Yes. Yes. It's David from SEB. I was wondering, what do you think is driving the spread between rates in the Atlantic versus the Pacific?
That's for you, Jens.
David, that's a good question. And I think if we start out, what are the drivers in the Pacific Basin? There's a multiple of drivers. And to me, one of the key drivers is the distribution of MR tonnage between the Eastern and the Western basins. The Eastern basin has been very weak during Q2. And for that reason, the number of ships have discounted themselves to move west. And we've actually seen a migration of about 75 MRs over the past 2 to 2.5 months.
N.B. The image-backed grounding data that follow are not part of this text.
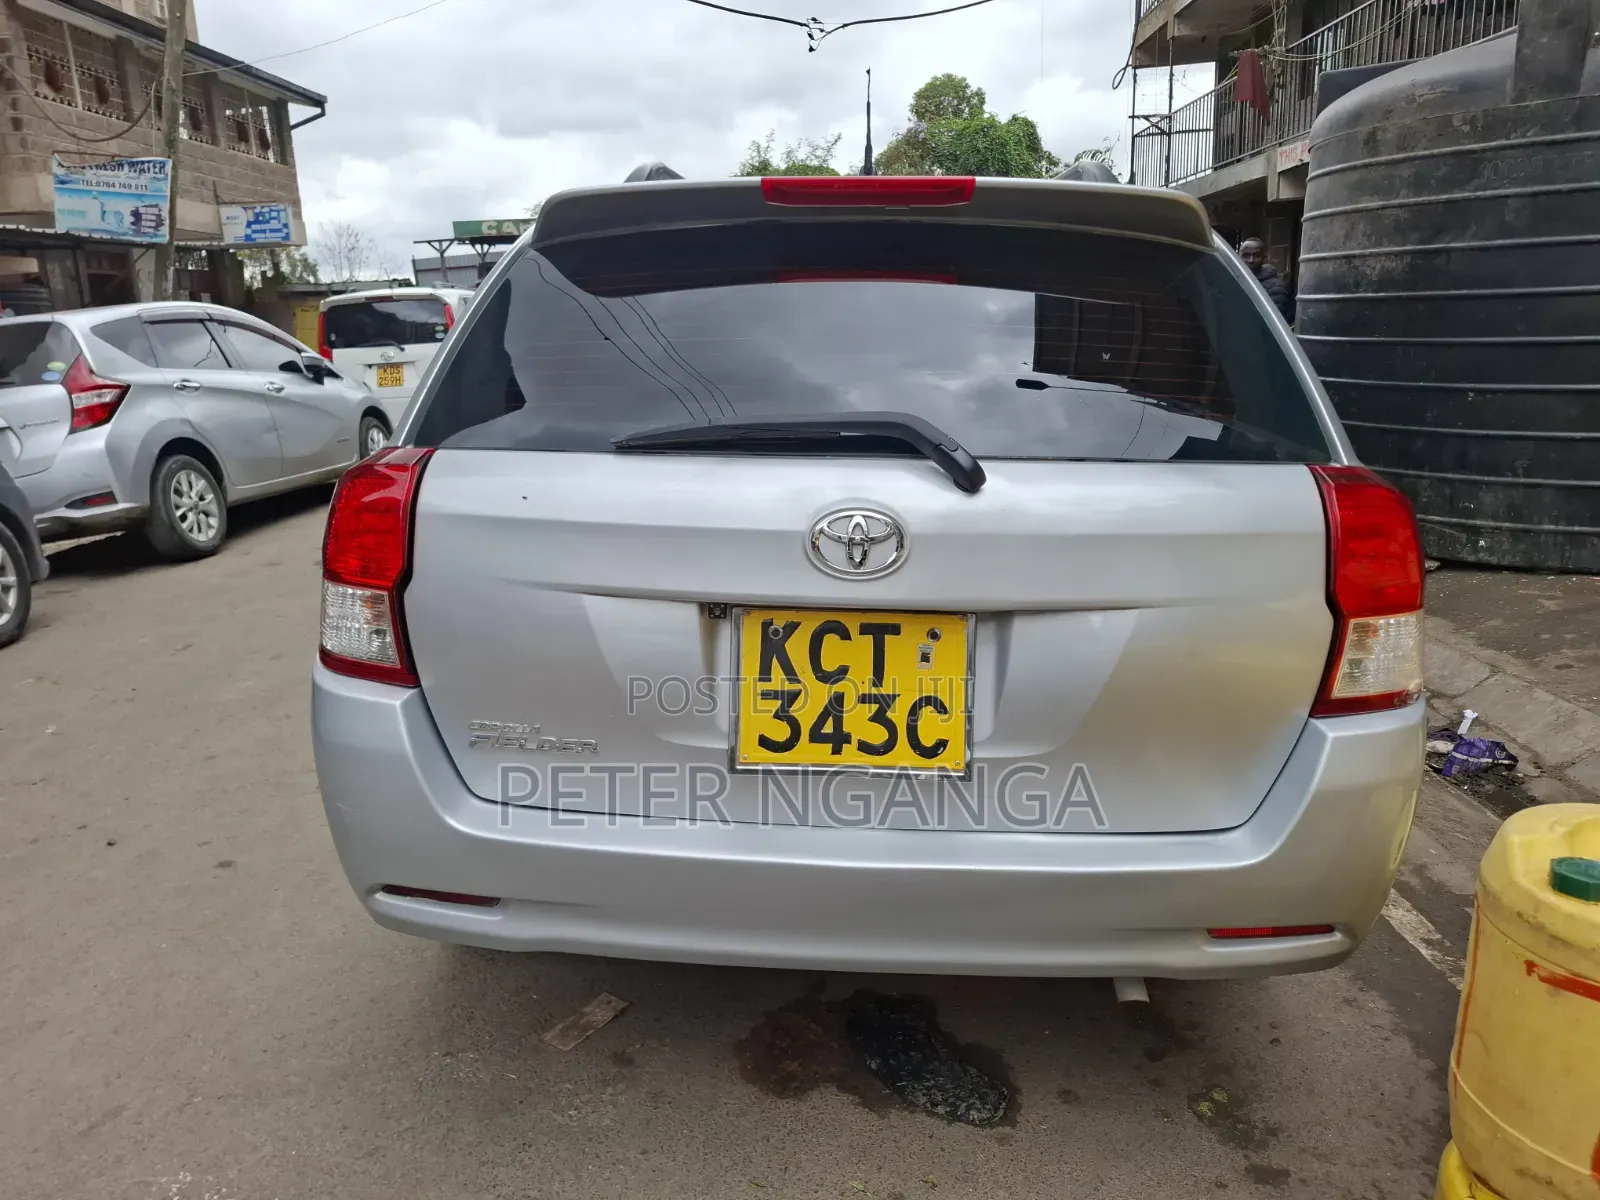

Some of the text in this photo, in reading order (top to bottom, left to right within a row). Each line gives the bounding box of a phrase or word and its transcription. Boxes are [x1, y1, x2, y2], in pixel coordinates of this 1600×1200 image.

[383, 364, 401, 375] KDS
[378, 376, 401, 386] 259H
[757, 617, 903, 688] KCT
[757, 688, 950, 760] 343C
[468, 733, 600, 754] FIELDER
And that's a substantial amount of ships when you bear in mind that the total number of ships in the region is about 700. So tonnage supply is always is an important thing to look at. Secondly, we've seen more moves of the jet fuel from the Far East towards the U.S. These are nice long voyages, so it's good tonne mile demand. And lately, we've seen more exports from the Far East after a long quiet period where especially China did not export much. And now we're seeing that Korea and Taiwan is stepping to the plate. And actually, still today, we see diesel oil move on MRs from the Far East towards Chile. And So Those are some of the main factors. Smaller factors in the area could be that ships, generally speaking, are struggling with COVID-19 restrictions in the sense that many ports and countries have their own rules and regulations for what they permit. And for that reason, the supplier ships can become a little bit trickier for customers out there. They cannot just pick and choose any ship. When you look at the Atlantic Basin, it's, of course, suffering from the number of ships that has reached the basin. And in addition to that, we haven't really seen sort of significant amounts of demand in any area. We've seen a quite a high refinery utilization in the U.S. Gulf. And in our view, the Atlantic Basin has perhaps been more balanced than the actual numbers are telling us.
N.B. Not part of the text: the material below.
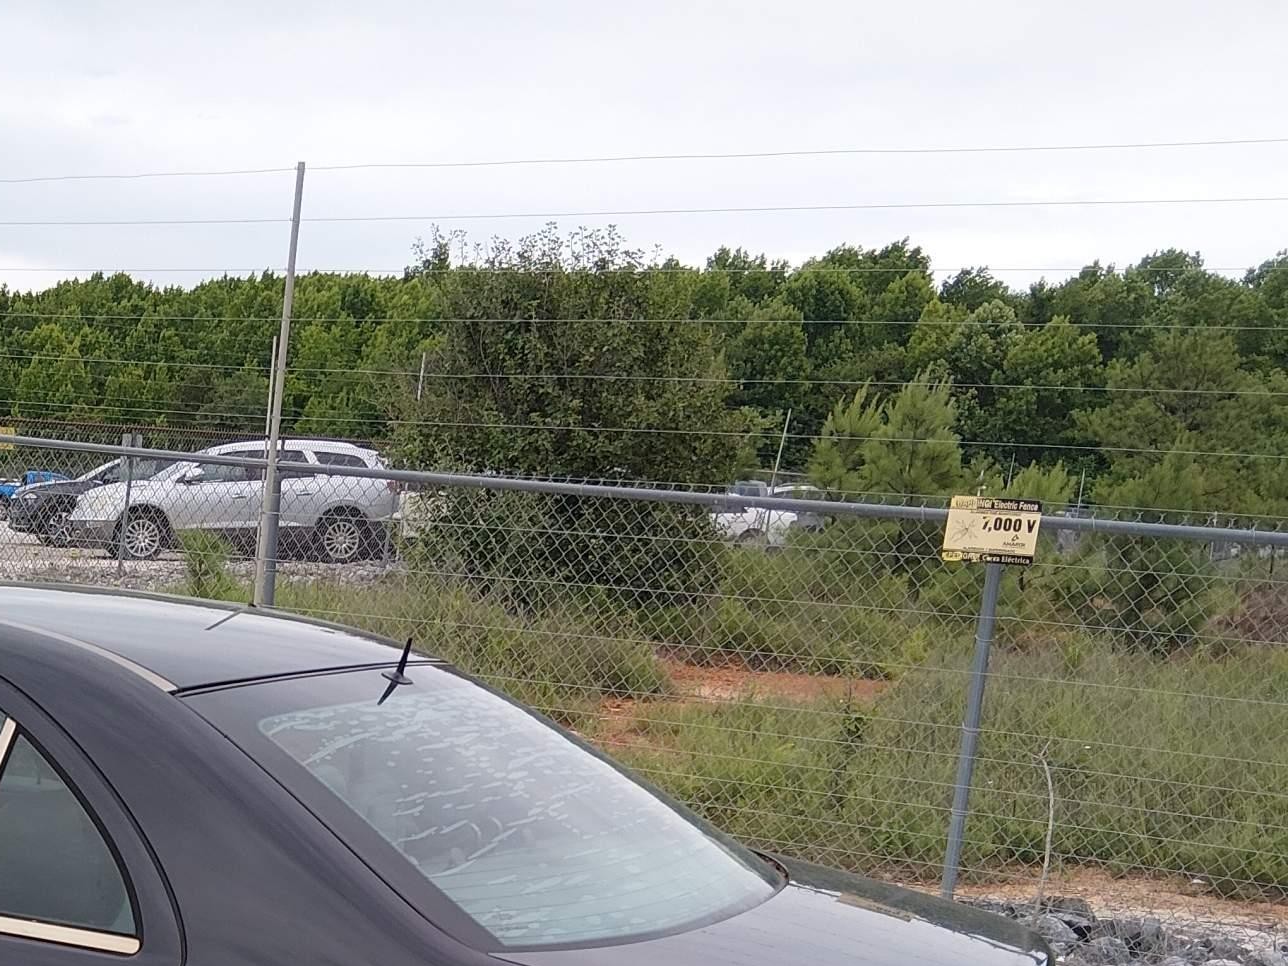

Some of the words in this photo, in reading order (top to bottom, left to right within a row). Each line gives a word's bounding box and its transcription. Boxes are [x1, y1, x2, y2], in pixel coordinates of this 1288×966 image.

[994, 500, 1018, 510] Electric
[1018, 502, 1039, 512] Fence
[982, 516, 1022, 533] 7,000
[1026, 519, 1037, 534] V
And how are you positioned with your fleet between the East and the West?
On the MR side, we are tilted slightly towards the West. And on the LR side, we are almost balanced right now.
[Operator Instructions] We have another question from Eirik Haavaldsen.
I mean, you're renewing your fleet somewhat now with the JV investments and so on. But maybe been a little bit surprised by no further sales of all the tonnage. What's the market like there? And what are you thinking about all those 2004, '05, '06 vessels you have?
Yes. So thank you for that, Eirik. So basically, I mean our view kind of remains the same, right? That it's a constant focus of trying to sell older assets, but only to see attractive prices. And then we've basically been selling the vessels where we felt that the pricing to be obtained was satisfactory. But there also comes a time where you feel that the spread is so high that it's actually worthwhile to keep it. And we felt at some point that we couldn't really find sufficient attractive pricing for a lot of these ships. We're still making relatively good earnings even on older ships. So for us it's just a reevaluation of asset value if we sell versus potential earnings. And then for the time being, we've kind of sold what you've seen on the back of some of those [ vessels ] being value okay. But the strategy is still the same. So we will be looking at constantly renewing. But obviously, we always prefer to sell ships when secondhand prices are at visible levels. So it will just for us be a constant strategy really to monitor that as we go forward.
We have come to the end of today's presentation. Thank you for attending Hafnia's Second Quarter 2021 Financial Results Presentation. More information on Hafnia is available online at www.hafniabw.com. Goodbye, and have a good day.